A Warning For Christians
There’s quite a bit more in the book about the Christian perspective, but up until now I haven’t included much because I believe many of the principles remain the same.
This time I’ll share some of what Crouch has to say to Christians since I know many of my readers are Christians. If you appreciate this snippet, then go read the book! He has much, much more to say to us – and it is quite humbling and encouraging and includes a vision of what we might do for eternity in heaven.
“[W]ise Christian culture maker will abandon the hope for Christendom – a culture in which the gospel is at the center rather than at the margins of possibility.”
“But just as the gospel never is comfortably contained in the realm of the culturally possible, it also never disappears from the horizon altogether. God’s grace and mercy, his endless inventive capacity to respond to human waywardness, ensure that every culture can be reclaimed.”

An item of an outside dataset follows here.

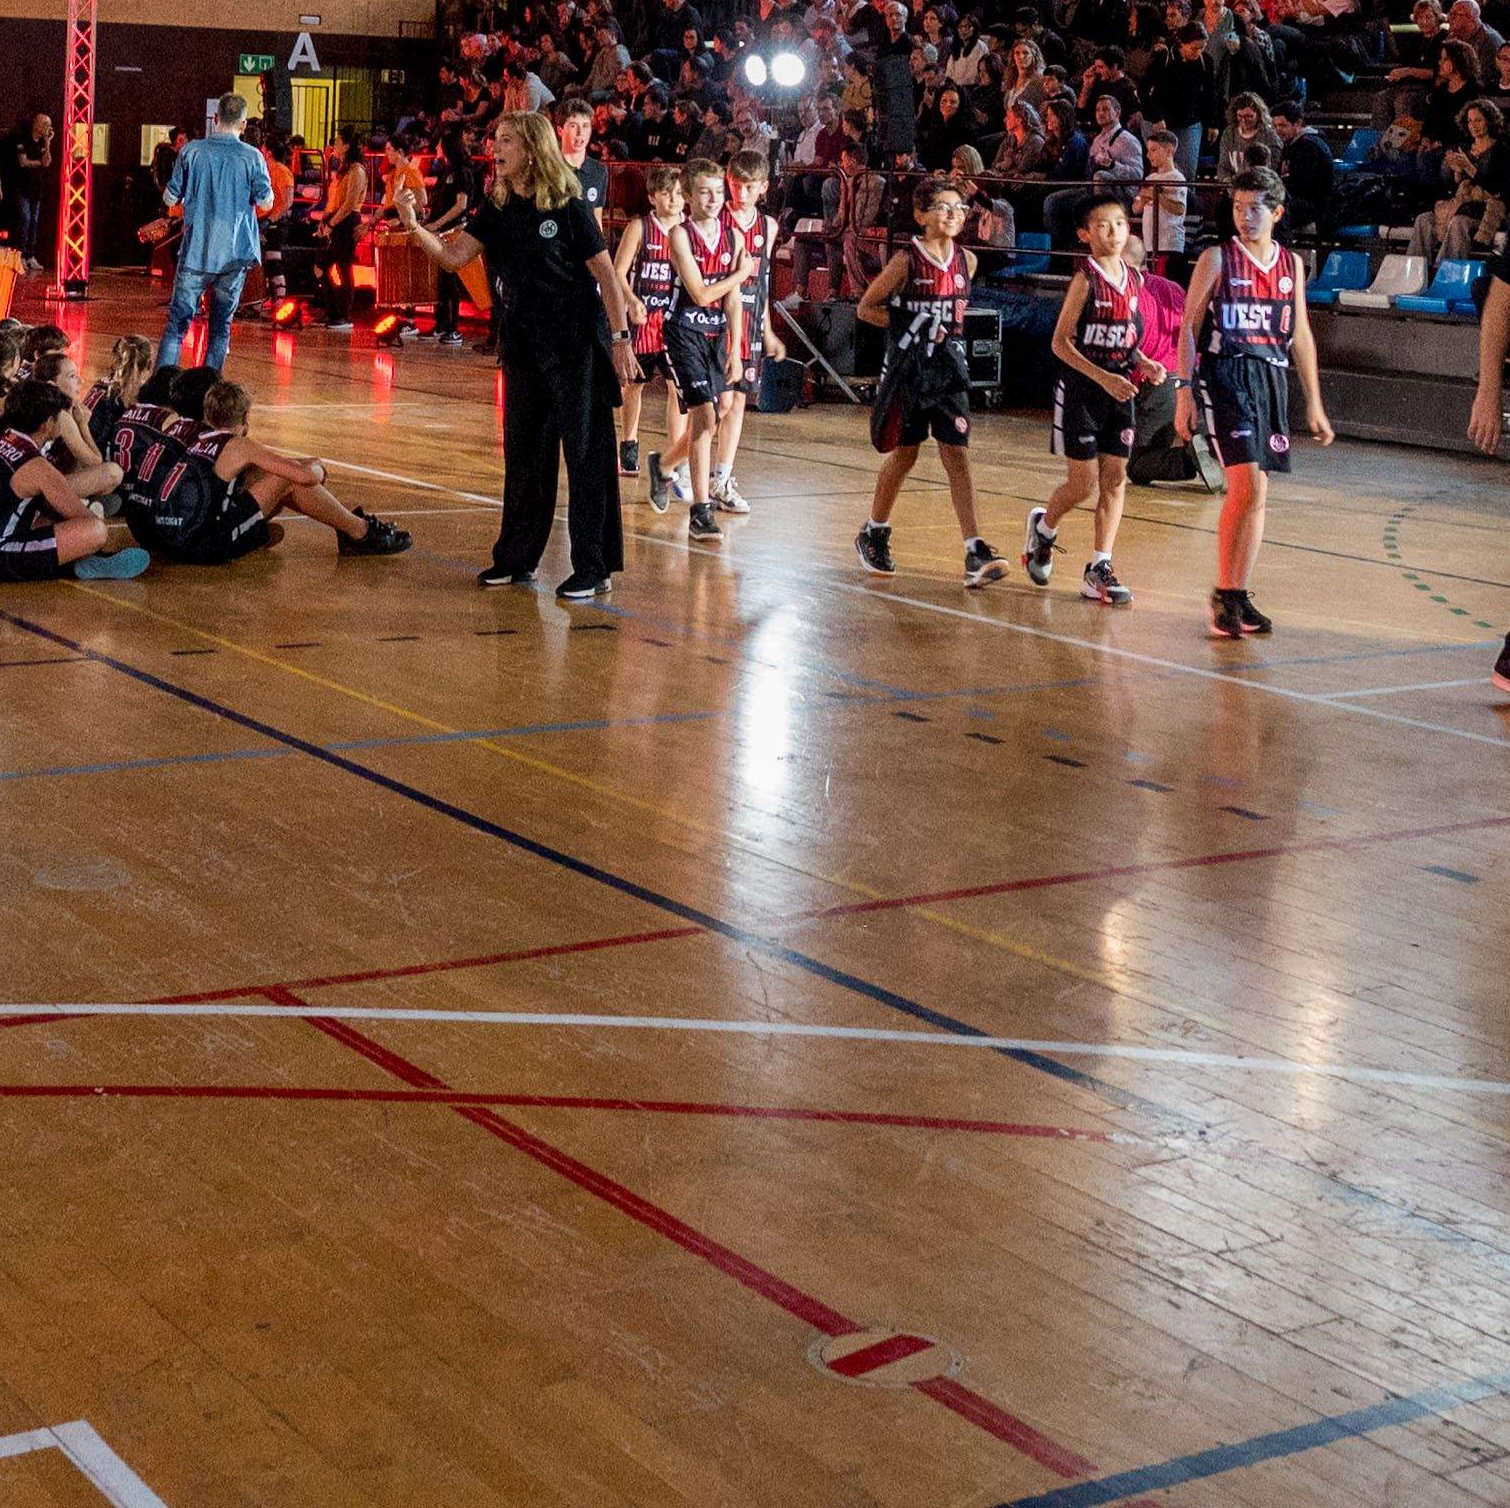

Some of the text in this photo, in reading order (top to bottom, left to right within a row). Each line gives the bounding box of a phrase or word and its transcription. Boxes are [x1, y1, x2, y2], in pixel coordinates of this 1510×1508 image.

[287, 32, 321, 71] A
[1221, 303, 1273, 331] UESC
[1083, 323, 1126, 348] UESC

“Culture – making something of the world, moving the horizons of possibility and impossibility – is what human beings do and are meant to do. Transformed culture is at the heart of God’s mission in the world, and it is the call of God’s redeemed people. But changing the world is the one thing we cannot do. As it turns out, fully embracing this paradoxical reality is at the very heart of what it means to be a Christian culture maker.”
“[W]ether you feel powerful or powerless, you are exactly the sort of person that God has a track record of deciding to use.”
“When God acts in culture, he uses both the powerful and the powerless alongside one another rather than using one against the other.”
So the more complex answer to the question of how we can use our cultural power effectively lies in the idea of the powerful working alongside the powerless.